Segment Open

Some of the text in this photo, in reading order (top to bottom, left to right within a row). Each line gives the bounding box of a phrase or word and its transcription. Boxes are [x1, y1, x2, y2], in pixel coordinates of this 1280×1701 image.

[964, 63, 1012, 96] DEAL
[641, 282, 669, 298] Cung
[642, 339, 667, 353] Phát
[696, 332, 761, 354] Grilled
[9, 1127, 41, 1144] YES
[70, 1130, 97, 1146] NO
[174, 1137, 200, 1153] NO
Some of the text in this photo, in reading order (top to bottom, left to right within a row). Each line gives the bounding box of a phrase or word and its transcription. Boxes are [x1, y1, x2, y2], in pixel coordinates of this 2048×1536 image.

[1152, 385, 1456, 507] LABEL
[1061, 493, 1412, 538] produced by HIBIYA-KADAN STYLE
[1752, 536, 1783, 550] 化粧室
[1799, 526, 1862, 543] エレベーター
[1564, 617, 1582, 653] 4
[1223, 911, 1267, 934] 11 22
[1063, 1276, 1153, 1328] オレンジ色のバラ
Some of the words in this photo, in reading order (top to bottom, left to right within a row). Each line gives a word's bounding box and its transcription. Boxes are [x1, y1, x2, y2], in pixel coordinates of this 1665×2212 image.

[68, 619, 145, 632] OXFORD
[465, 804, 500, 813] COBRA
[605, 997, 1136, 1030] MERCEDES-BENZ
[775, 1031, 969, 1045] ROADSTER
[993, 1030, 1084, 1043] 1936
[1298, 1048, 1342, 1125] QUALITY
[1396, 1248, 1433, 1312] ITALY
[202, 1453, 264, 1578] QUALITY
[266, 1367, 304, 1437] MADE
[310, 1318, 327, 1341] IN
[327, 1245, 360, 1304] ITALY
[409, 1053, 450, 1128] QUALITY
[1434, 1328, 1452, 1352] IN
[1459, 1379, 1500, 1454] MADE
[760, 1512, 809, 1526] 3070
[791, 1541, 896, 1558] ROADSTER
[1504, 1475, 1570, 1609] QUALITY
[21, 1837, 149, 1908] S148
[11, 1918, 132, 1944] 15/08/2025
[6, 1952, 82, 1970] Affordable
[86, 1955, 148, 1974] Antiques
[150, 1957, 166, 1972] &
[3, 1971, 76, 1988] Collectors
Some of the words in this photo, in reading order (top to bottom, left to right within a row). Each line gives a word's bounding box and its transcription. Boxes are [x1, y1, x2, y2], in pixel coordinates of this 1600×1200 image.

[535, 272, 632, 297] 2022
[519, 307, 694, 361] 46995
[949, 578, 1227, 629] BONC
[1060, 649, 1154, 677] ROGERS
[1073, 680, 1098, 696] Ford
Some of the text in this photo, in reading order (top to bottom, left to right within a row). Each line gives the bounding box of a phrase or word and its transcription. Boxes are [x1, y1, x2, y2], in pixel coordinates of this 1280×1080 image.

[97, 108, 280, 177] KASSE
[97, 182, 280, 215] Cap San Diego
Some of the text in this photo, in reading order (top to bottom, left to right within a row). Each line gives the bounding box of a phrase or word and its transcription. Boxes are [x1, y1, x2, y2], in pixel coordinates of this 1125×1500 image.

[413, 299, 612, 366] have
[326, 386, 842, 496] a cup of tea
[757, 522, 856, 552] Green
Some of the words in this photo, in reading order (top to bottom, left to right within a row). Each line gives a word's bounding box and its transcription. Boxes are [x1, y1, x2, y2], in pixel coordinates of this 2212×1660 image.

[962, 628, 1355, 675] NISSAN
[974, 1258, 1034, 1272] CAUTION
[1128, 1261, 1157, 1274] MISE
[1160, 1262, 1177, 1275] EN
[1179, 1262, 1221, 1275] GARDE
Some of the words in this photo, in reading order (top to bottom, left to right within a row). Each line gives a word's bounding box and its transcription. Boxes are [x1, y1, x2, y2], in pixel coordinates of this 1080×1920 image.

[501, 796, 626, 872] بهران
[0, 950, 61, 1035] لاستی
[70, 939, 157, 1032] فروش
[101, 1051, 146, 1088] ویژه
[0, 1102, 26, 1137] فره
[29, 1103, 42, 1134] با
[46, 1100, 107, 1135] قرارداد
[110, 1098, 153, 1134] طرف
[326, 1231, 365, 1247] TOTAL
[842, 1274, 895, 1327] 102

Segment Closed

*WORK ITEM*.
Line by line, reproduce the data above exactly.

*ANSWER FOR THIS EXERCISE*.
Some of the text in this photo, in reading order (top to bottom, left to right within a row). Each line gives the bounding box of a phrase or word and its transcription. Boxes are [x1, y1, x2, y2], in pixel coordinates of this 1280×1701 image.

[964, 63, 1012, 96] DEAL
[641, 282, 669, 298] Cung
[642, 339, 667, 353] Phát
[696, 332, 761, 354] Grilled
[9, 1127, 41, 1144] YES
[70, 1130, 97, 1146] NO
[174, 1137, 200, 1153] NO
Some of the text in this photo, in reading order (top to bottom, left to right within a row). Each line gives the bounding box of a phrase or word and its transcription. Boxes are [x1, y1, x2, y2], in pixel coordinates of this 2048×1536 image.

[1152, 385, 1456, 507] LABEL
[1061, 493, 1412, 538] produced by HIBIYA-KADAN STYLE
[1752, 536, 1783, 550] 化粧室
[1799, 526, 1862, 543] エレベーター
[1564, 617, 1582, 653] 4
[1223, 911, 1267, 934] 11 22
[1063, 1276, 1153, 1328] オレンジ色のバラ
Some of the words in this photo, in reading order (top to bottom, left to right within a row). Each line gives a word's bounding box and its transcription. Boxes are [x1, y1, x2, y2], in pixel coordinates of this 1665×2212 image.

[68, 619, 145, 632] OXFORD
[465, 804, 500, 813] COBRA
[605, 997, 1136, 1030] MERCEDES-BENZ
[775, 1031, 969, 1045] ROADSTER
[993, 1030, 1084, 1043] 1936
[1298, 1048, 1342, 1125] QUALITY
[1396, 1248, 1433, 1312] ITALY
[202, 1453, 264, 1578] QUALITY
[266, 1367, 304, 1437] MADE
[310, 1318, 327, 1341] IN
[327, 1245, 360, 1304] ITALY
[409, 1053, 450, 1128] QUALITY
[1434, 1328, 1452, 1352] IN
[1459, 1379, 1500, 1454] MADE
[760, 1512, 809, 1526] 3070
[791, 1541, 896, 1558] ROADSTER
[1504, 1475, 1570, 1609] QUALITY
[21, 1837, 149, 1908] S148
[11, 1918, 132, 1944] 15/08/2025
[6, 1952, 82, 1970] Affordable
[86, 1955, 148, 1974] Antiques
[150, 1957, 166, 1972] &
[3, 1971, 76, 1988] Collectors
Some of the words in this photo, in reading order (top to bottom, left to right within a row). Each line gives a word's bounding box and its transcription. Boxes are [x1, y1, x2, y2], in pixel coordinates of this 1600×1200 image.

[535, 272, 632, 297] 2022
[519, 307, 694, 361] 46995
[949, 578, 1227, 629] BONC
[1060, 649, 1154, 677] ROGERS
[1073, 680, 1098, 696] Ford
Some of the text in this photo, in reading order (top to bottom, left to right within a row). Each line gives the bounding box of a phrase or word and its transcription. Boxes are [x1, y1, x2, y2], in pixel coordinates of this 1280×1080 image.

[97, 108, 280, 177] KASSE
[97, 182, 280, 215] Cap San Diego
Some of the text in this photo, in reading order (top to bottom, left to right within a row). Each line gives the bounding box of a phrase or word and its transcription. Boxes are [x1, y1, x2, y2], in pixel coordinates of this 1125×1500 image.

[413, 299, 612, 366] have
[326, 386, 842, 496] a cup of tea
[757, 522, 856, 552] Green
Some of the words in this photo, in reading order (top to bottom, left to right within a row). Each line gives a word's bounding box and its transcription. Boxes are [x1, y1, x2, y2], in pixel coordinates of this 2212×1660 image.

[962, 628, 1355, 675] NISSAN
[974, 1258, 1034, 1272] CAUTION
[1128, 1261, 1157, 1274] MISE
[1160, 1262, 1177, 1275] EN
[1179, 1262, 1221, 1275] GARDE
Some of the words in this photo, in reading order (top to bottom, left to right within a row). Each line gives a word's bounding box and its transcription. Boxes are [x1, y1, x2, y2], in pixel coordinates of this 1080×1920 image.

[501, 796, 626, 872] بهران
[0, 950, 61, 1035] لاستی
[70, 939, 157, 1032] فروش
[101, 1051, 146, 1088] ویژه
[0, 1102, 26, 1137] فره
[29, 1103, 42, 1134] با
[46, 1100, 107, 1135] قرارداد
[110, 1098, 153, 1134] طرف
[326, 1231, 365, 1247] TOTAL
[842, 1274, 895, 1327] 102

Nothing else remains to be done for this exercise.